[Referring expression grounding data]
—————

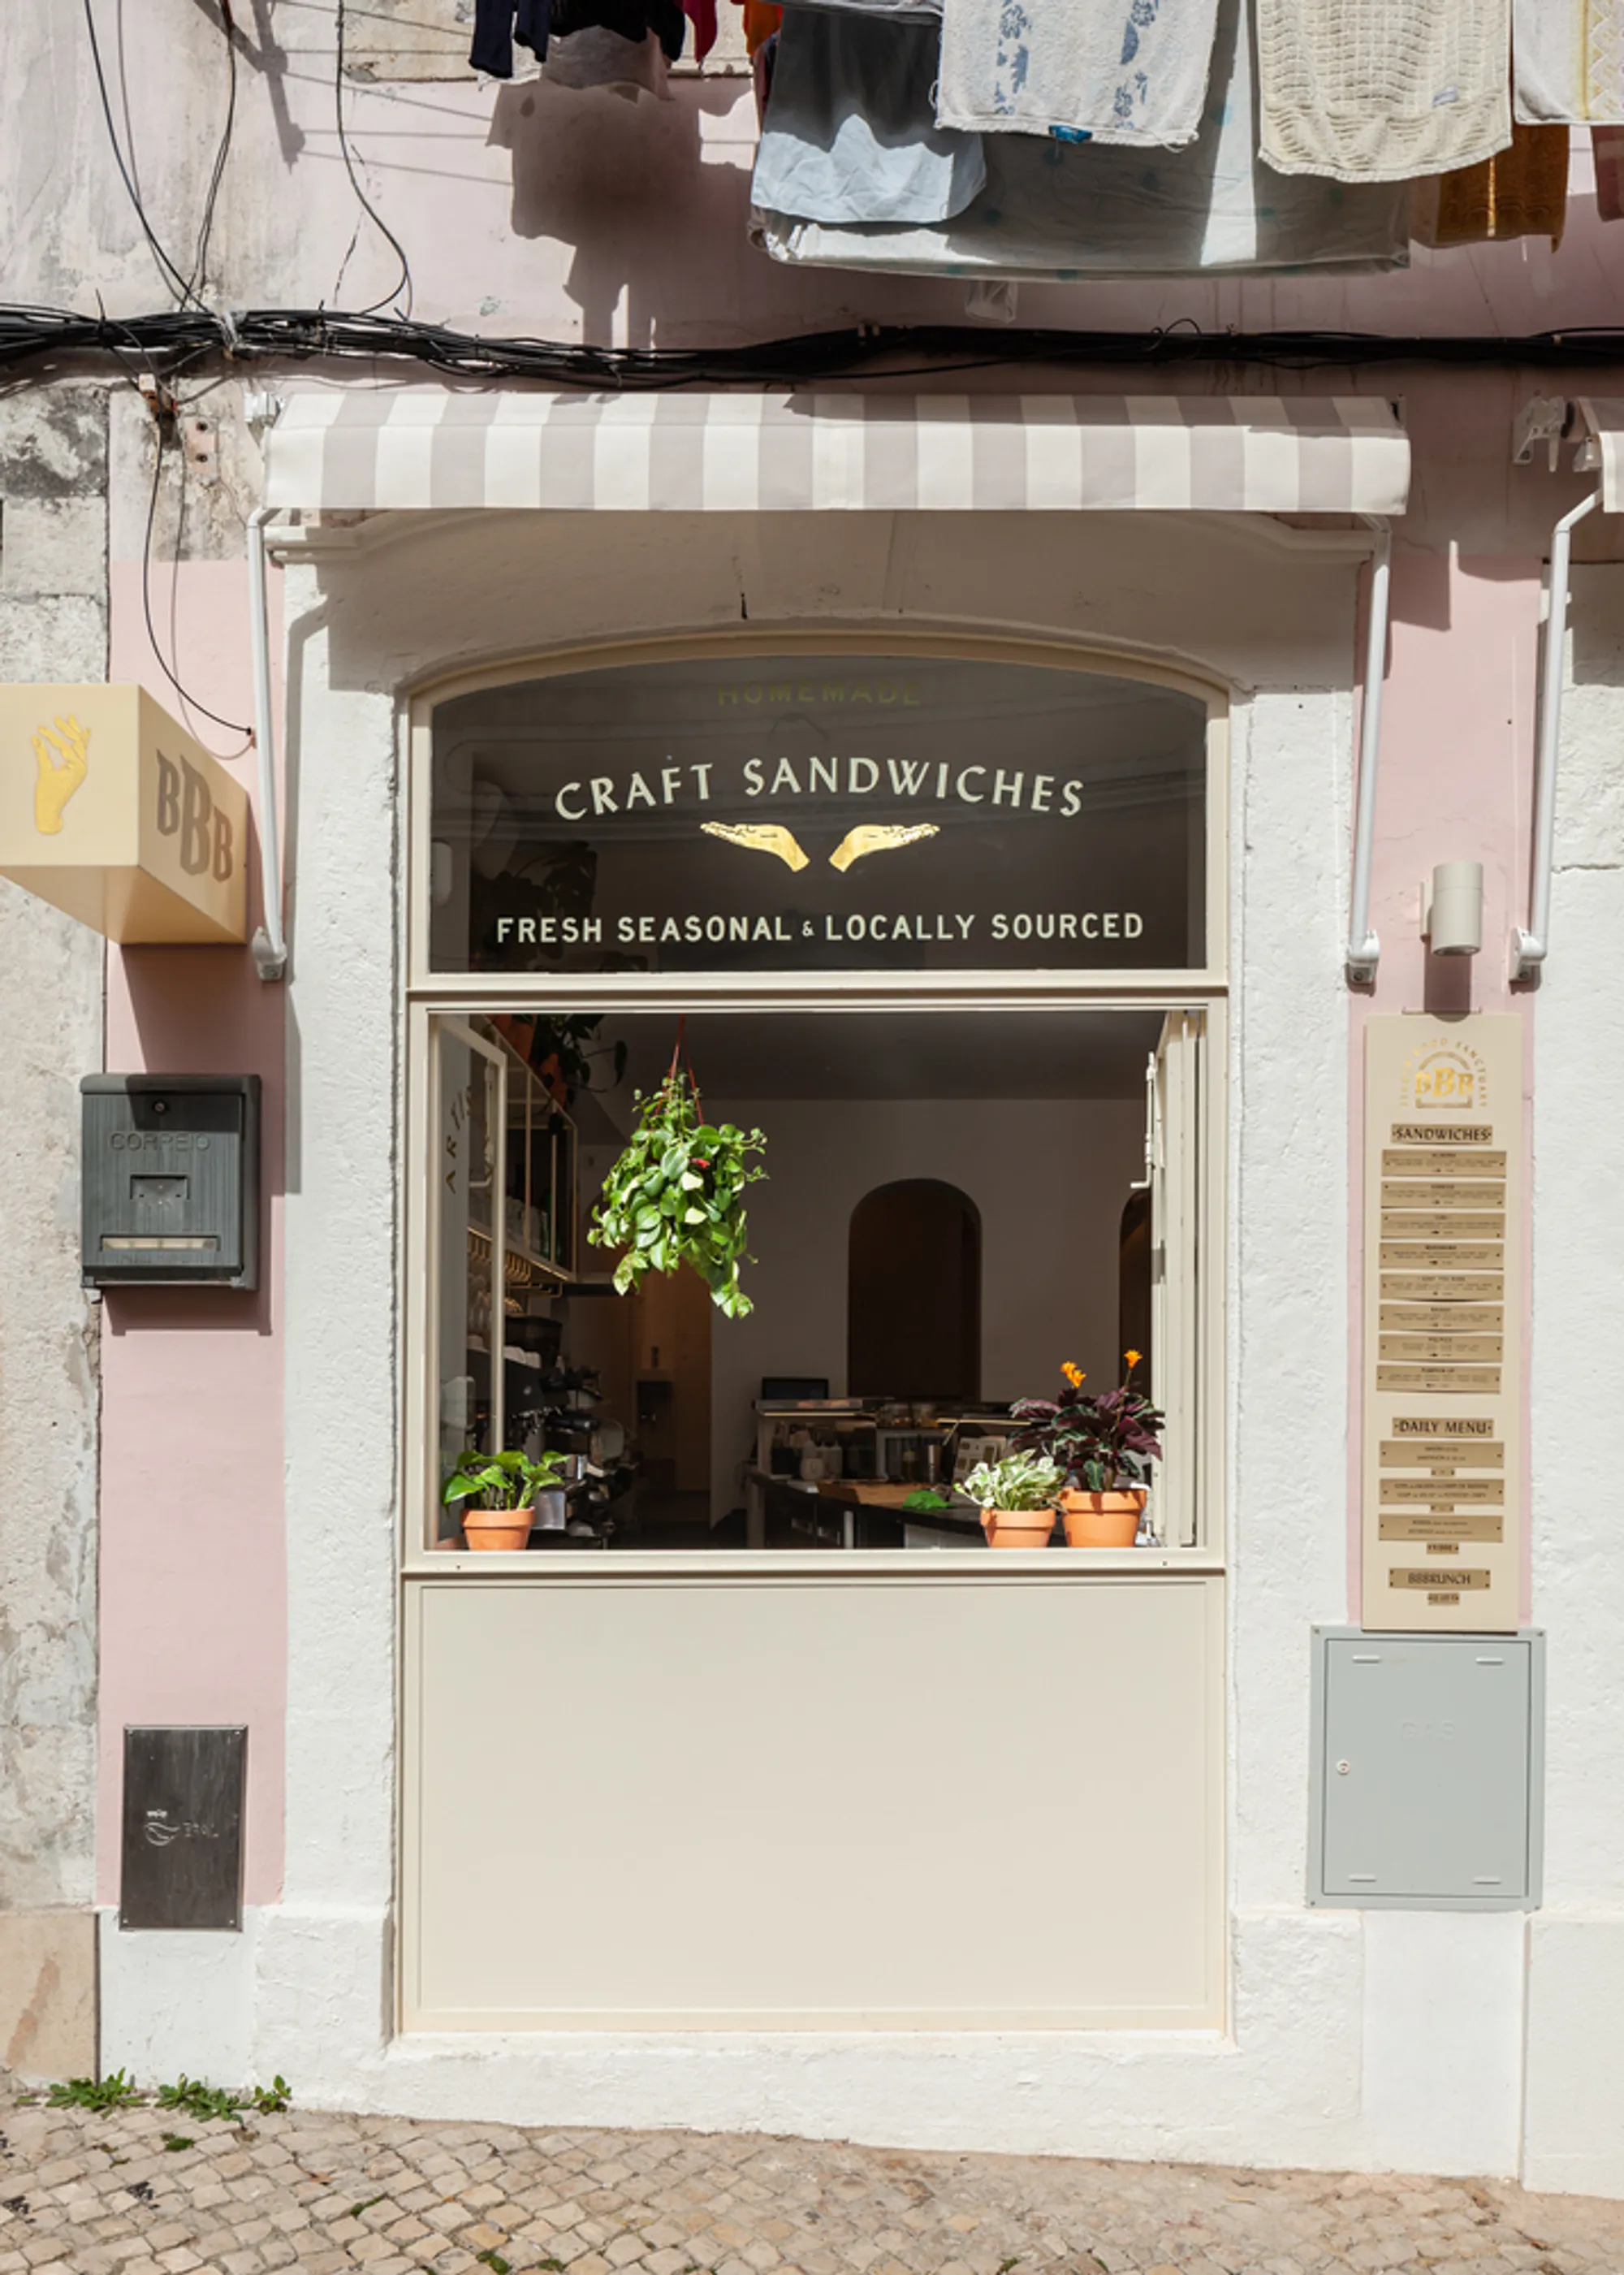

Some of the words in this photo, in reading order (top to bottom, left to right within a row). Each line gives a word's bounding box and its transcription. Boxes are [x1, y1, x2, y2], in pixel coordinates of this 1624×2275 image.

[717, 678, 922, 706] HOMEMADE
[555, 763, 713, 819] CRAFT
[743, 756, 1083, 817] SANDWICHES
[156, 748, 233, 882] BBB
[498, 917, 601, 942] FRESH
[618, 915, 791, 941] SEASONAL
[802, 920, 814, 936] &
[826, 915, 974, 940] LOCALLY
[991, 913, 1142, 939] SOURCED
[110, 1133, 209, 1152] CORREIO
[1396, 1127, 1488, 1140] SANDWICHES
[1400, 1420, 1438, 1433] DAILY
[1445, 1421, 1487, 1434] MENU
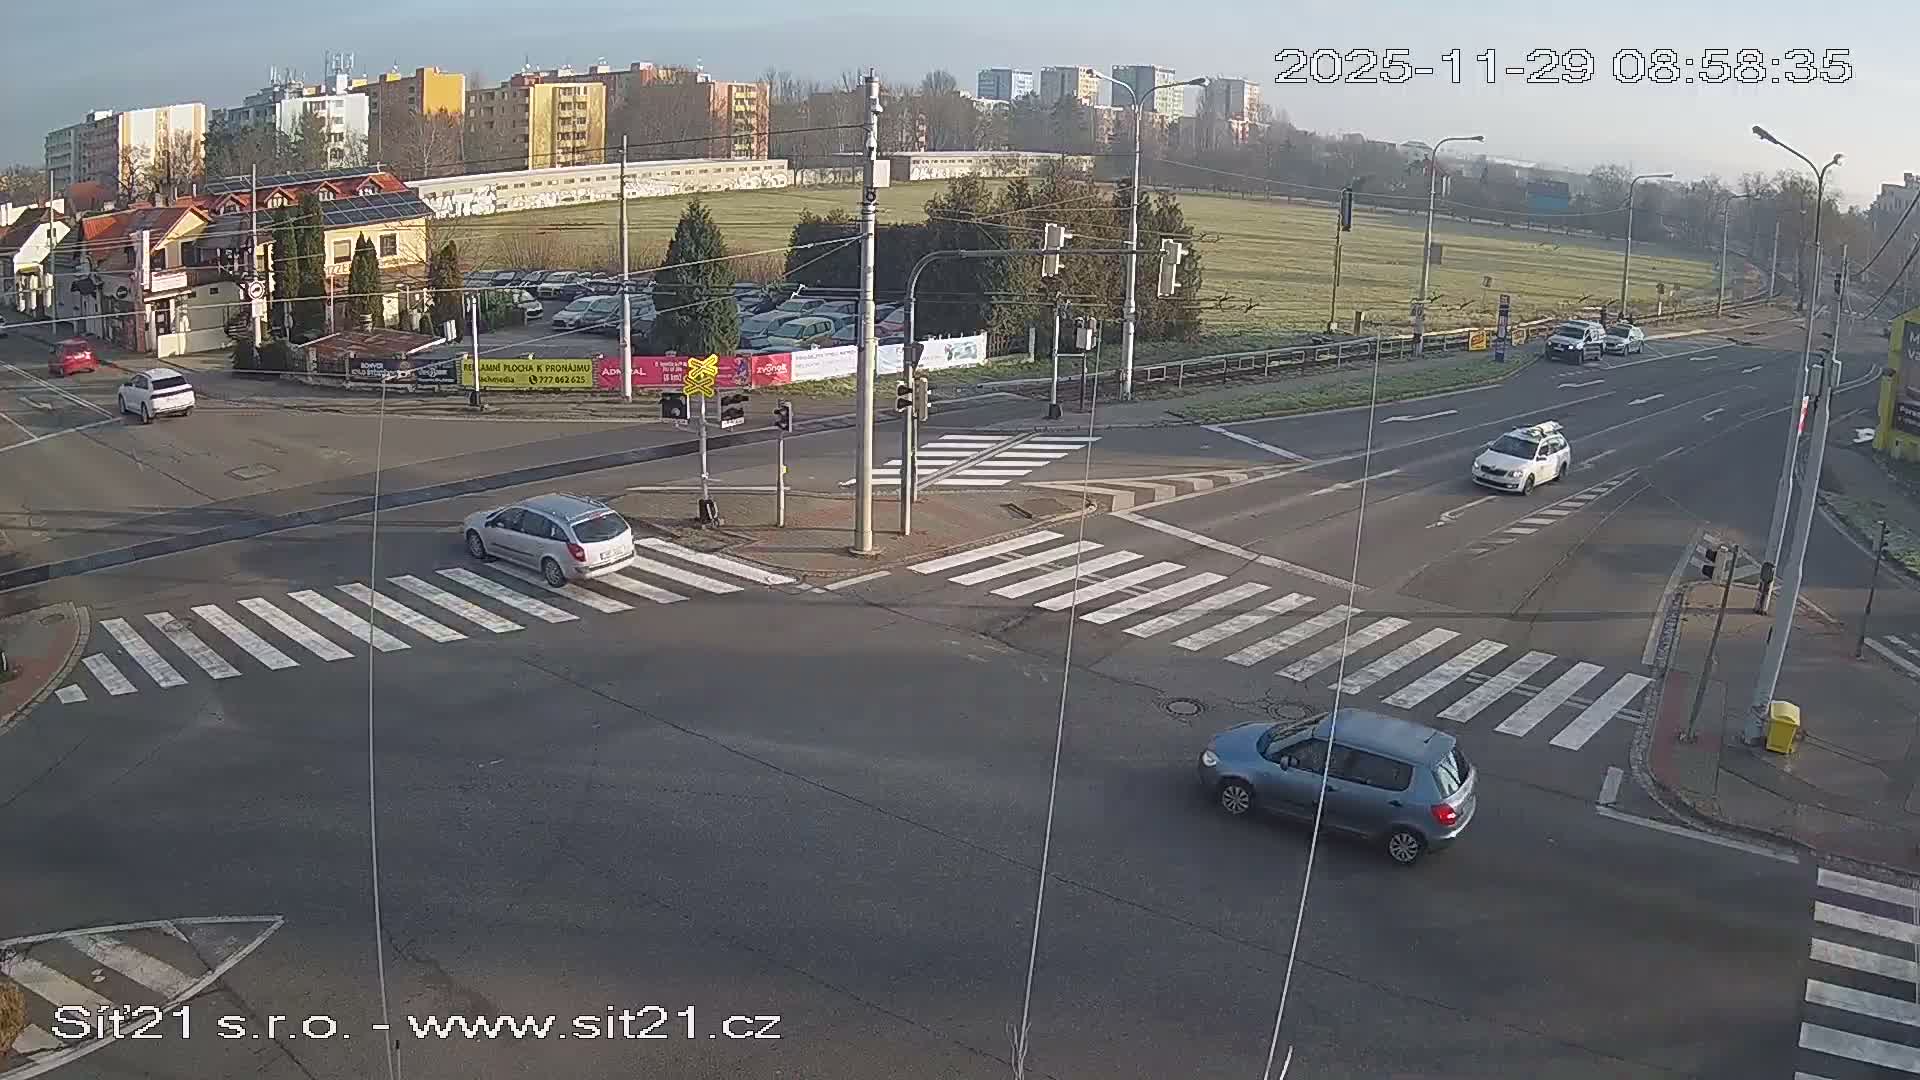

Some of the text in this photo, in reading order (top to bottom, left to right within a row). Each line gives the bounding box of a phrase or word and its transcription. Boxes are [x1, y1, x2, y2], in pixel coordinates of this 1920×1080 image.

—————

Transcribe the data completely. No pictures should appear in the transcription.

— ANSWER AREA —
Some of the words in this photo, in reading order (top to bottom, left to right within a row). Each line gives a word's bounding box and its transcription. Boxes are [x1, y1, x2, y2], in pixel coordinates of this 1624×2275 image.

[717, 678, 922, 706] HOMEMADE
[555, 763, 713, 819] CRAFT
[743, 756, 1083, 817] SANDWICHES
[156, 748, 233, 882] BBB
[498, 917, 601, 942] FRESH
[618, 915, 791, 941] SEASONAL
[802, 920, 814, 936] &
[826, 915, 974, 940] LOCALLY
[991, 913, 1142, 939] SOURCED
[110, 1133, 209, 1152] CORREIO
[1396, 1127, 1488, 1140] SANDWICHES
[1400, 1420, 1438, 1433] DAILY
[1445, 1421, 1487, 1434] MENU

Some of the text in this photo, in reading order (top to bottom, left to right within a row). Each line gives the bounding box of a phrase or word and its transcription. Boxes are [x1, y1, x2, y2], in pixel coordinates of this 1920×1080 image.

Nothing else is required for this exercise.